Unfortunately, the results are unsatisfying and I don’t quit get why. I hope someone is able to help me.

Here is my FFT code:

def to_frequency_domain(t, ys):
    last = t[-1]  # length of time sample, so is eual to limit
    N = len(t)  # number of samples in the time domain
    T = last/N  # 1/Sample rate
    xf = fftfreq(N, T) 
    xf = fftshift(xf)
    yf = fft(ys, N) 
    yf = fftshift(yf) 
    return xf, yf
 
def to_time_domain(x, y):
    N = len(x)  # Number of samples in the time domain
    last = (len(x)-1) / (2*x[-1]) # length in the time domain 
    T = last/(N-1) # 1/sample rate
    ys =ifft(ifftshift(y), N)   
    return ys

The following code is supposed to validate the FFT implementation by comparing the analytical functions given above with the FFT output in time and frequency domain.

t = np.linspace(0, 10, 250*10) 
ans = rect(t, 1)

x_val,y_val = to_frequency_domain(t, ans)

f = np.linspace(-125, 125, 2500)
proof = Tsinc_hz(f, 1)

# sinc function comparison plot
plt.plot(x_val, y_val.real)
plt.plot(f,proof.real, c='r')
plt.show()

proof_time = to_time_domain(f, proof)

# rectangular function comparison plot
plt.plot(t, proof_time, linewidth = 3, c = 'r')
plt.plot(t, ans)
plt.show()

Running the code gives the following plot: sinc function comparison plot and rectangular function comparison plot

It is obvious that the there is a scaling problem. I know that the frequency domain is dependent on the sample rate of my time domain. In this case I have used a sample rate of 250 and 2500 data points, meaning that I have 0,1 hz per frequency bin and thus my x-axis in the frequency domain reach form - 125 to 125. I was wondering if I can also formulate a relation between the frequency power and the sample rate. I was thinking that if I keep my data points constant and reduce my sampling rate the function is obviously jammed along the x-axis. Can this somehow result in stretching along the y-axis? Furthermore, the transfer of the sinc-function in the second plot (proof_time) is mirrored.

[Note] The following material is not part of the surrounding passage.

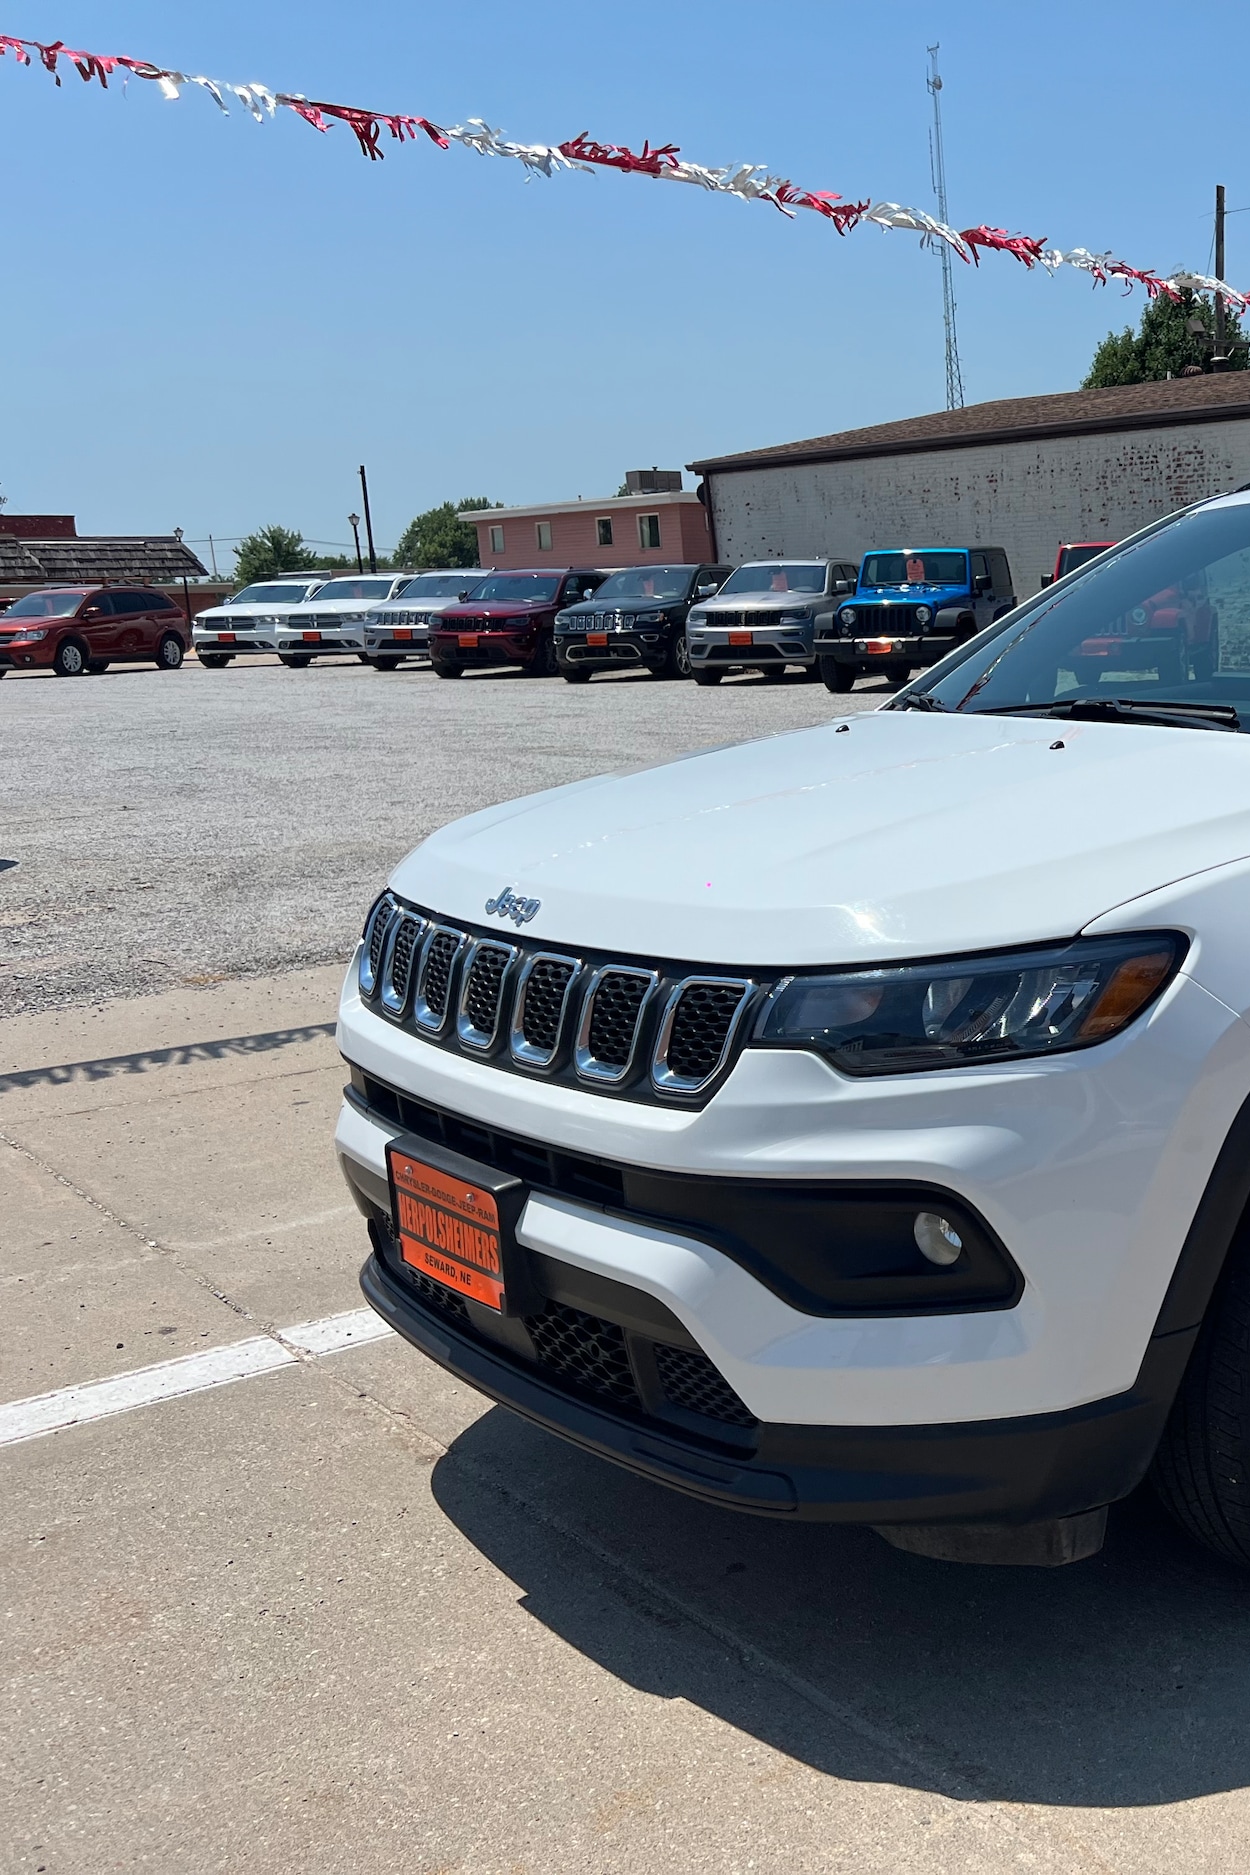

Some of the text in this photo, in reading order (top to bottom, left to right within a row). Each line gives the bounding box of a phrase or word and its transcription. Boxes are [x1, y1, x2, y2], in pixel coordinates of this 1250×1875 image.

[485, 887, 541, 927] Jeep
[424, 1252, 472, 1286] SEWARD, NE

Following, I have tried to fix my first problem by dividing the FFT output by the sampling rate

def to_frequency_domain(t, ys):
    last = t[-1]  # length of time sample, so is eual to limit
    N = len(t)  # number of samples in the time domain
    T = last/N  # 1/Sample rate
    xf = fftfreq(N, T) 
    xf = fftshift(xf)
    yf = fft(ys, N)*T
    yf = fftshift(yf) 
    return xf, yf
 
def to_time_domain(x, y):
    N = len(x)  # Number of samples in the time domain
    last = (len(x)-1) / (2*x[-1]) # length in the time domain 
    T = last/(N-1) # 1/sample rate
    ys =ifft(ifftshift(y)/T, N)  
    return ys

which gives: sinc function comparison plot_scaled, rectangular function comparison plot_scaled

This time both functions are obviously closer together but the result is still not perfect.

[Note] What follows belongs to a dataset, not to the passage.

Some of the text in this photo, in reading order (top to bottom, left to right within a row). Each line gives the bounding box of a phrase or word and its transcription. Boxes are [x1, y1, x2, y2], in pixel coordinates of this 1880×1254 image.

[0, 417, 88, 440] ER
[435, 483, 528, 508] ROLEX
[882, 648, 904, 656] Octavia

Additional, I am a little confused by the output of the FFT when I define my time domain to be symmetrical about zero t =np.linespace(-10,10, 250*20))

sinc function comparison plot

Why is the blue curve doubled like that? Supposedly because we have a negative and positive frequency component for every value in time, right? But how do I fix that?

I have tried figuring it out for a while now but just can’t seem to solve the problem, so I am very grateful for every tip! Thanks in advance!

Answer 1

My guess is that you have to scale by d_omega= d_f/(2*pi) as the fft assumes a time step of 1 by default while you are using a different time step. If i add

df = xf[1] - xf[0]
domega = df / 2 / np.pi
yf = fft(ys, N) * domega

it scales.